Speaking Thursday in an audio interview posted online by the New England Journal of Medicine, Herbert said the medical conditions had been typified by specific disorders.

"The first wave is the acute respiratory problems that now in many have persisted," she said. "The second wave is what seemed to be the interstitial lung diseases such as sarcoid granulomas," which are small nodules on the lungs characterized by inflammatory cells.

"We are worried about the third wave, which is the possibility of cancer down the road," she added, saying that some of the malignancies have already begun to appear.

"The group of cancers we're most concerned about and that we're focusing on right now are cancers of the hematologic system and lymphatic system, such as leukemias and lymphomas," Herbert said.

"The kind of thing that worries us is that we know that we have a handful of cases of multiple myeloma in very young individuals, and multiple myeloma is a condition that almost always presents much later in life. So that's the kind of odd, unusual, troubling finding that we're seeing already."

Multiple myeloma is a cancer of the plasma cell in the blood and is incurable, but symptoms can be treated.

Herbert did not return phone calls Thursday to clarify how many first responders have been diagnosed, or who they are, and whether their disease is considered mild or advanced.

Dr.
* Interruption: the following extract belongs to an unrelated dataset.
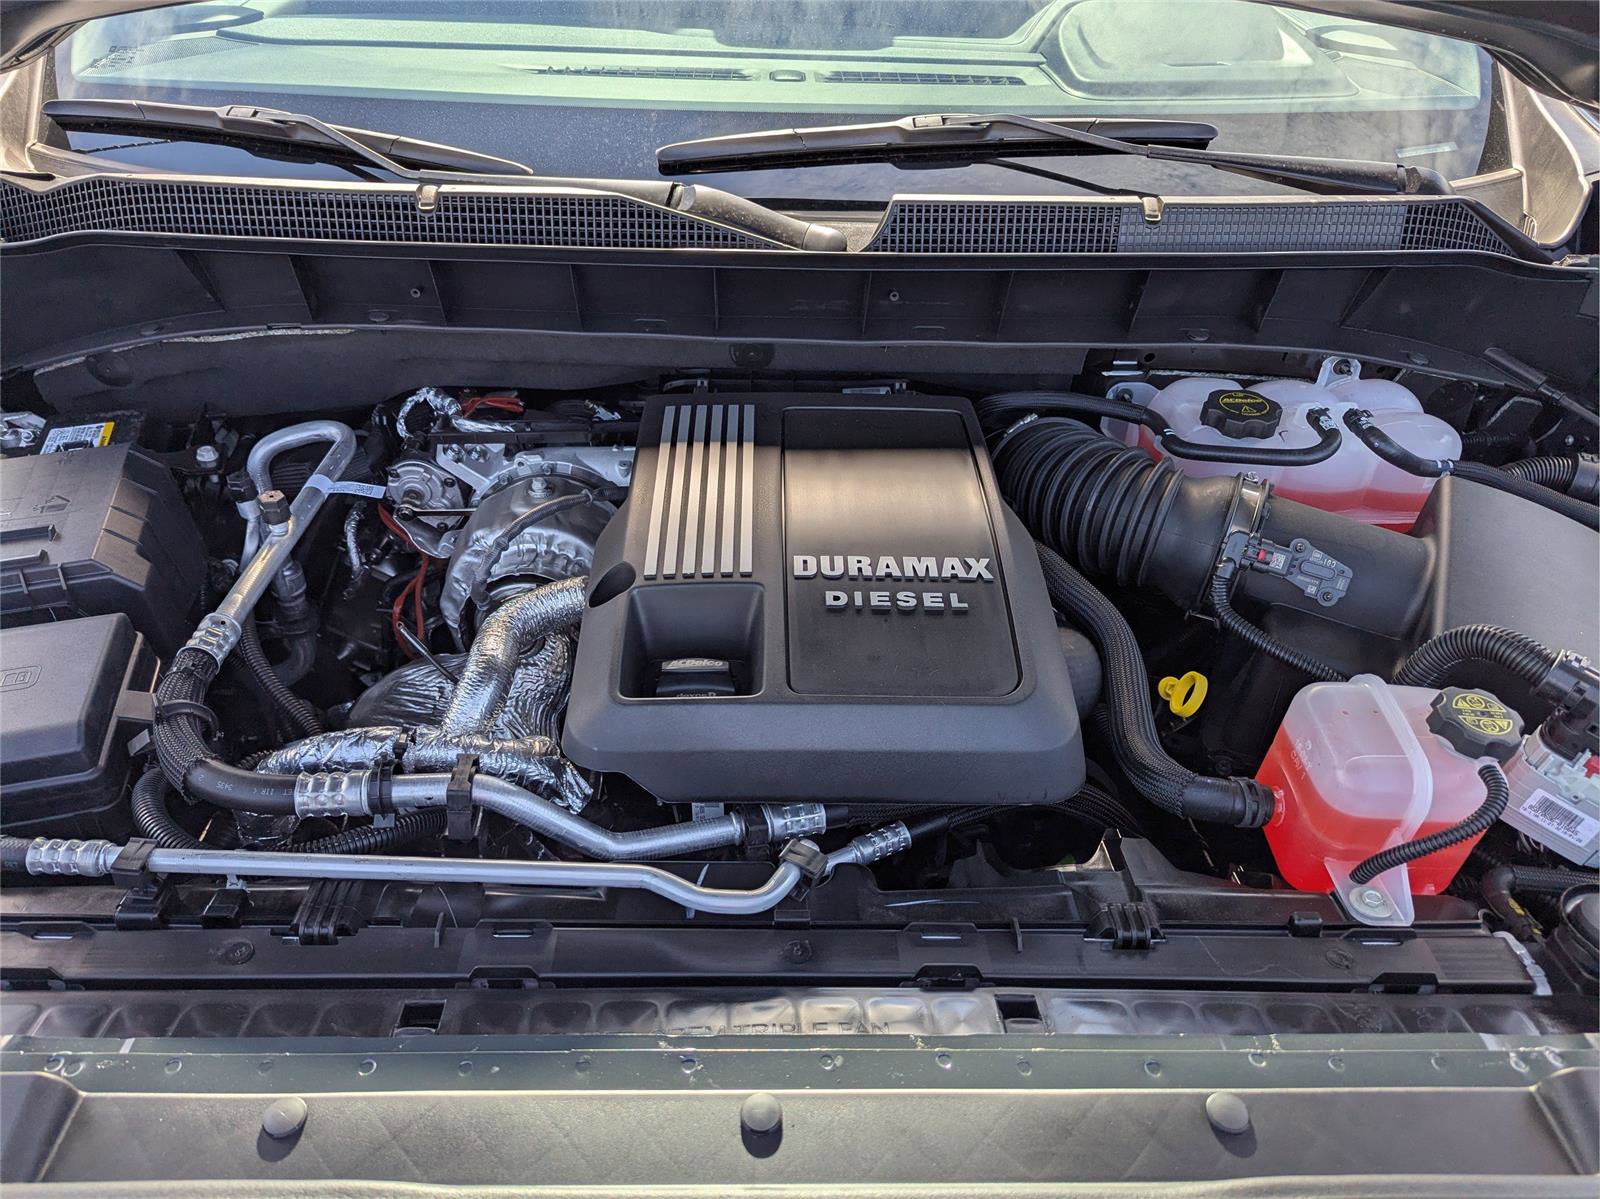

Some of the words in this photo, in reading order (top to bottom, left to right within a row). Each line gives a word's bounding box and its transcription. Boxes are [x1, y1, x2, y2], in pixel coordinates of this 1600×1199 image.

[793, 555, 993, 582] DURAMAX
[824, 591, 969, 611] DIESEL
[668, 659, 723, 669] ACDelco
Ben Luft, who heads an affiliated program at Stony Brook University Medical Center where more than 3,000 first responders are also being monitored, said he did not consider the number of cancers detected so far to be alarming.

"We're seeing patients who are sporadically developing a variety of cancers, but it is not significantly above what we would have expected in a group of patients of this size," he said. "Some of these malignancies are little bit atypical, which makes us want to examine them a little bit more closely.

"But when you are following such a large number of patients, one would expect to see some who are developing cancer. What is most important is for us to say scientifically that there is a causal relationship," Luft said, referring to World Trade Center debris and cancer.

"The only way we can really deal with it effectively is to be as rational and scientific as possible."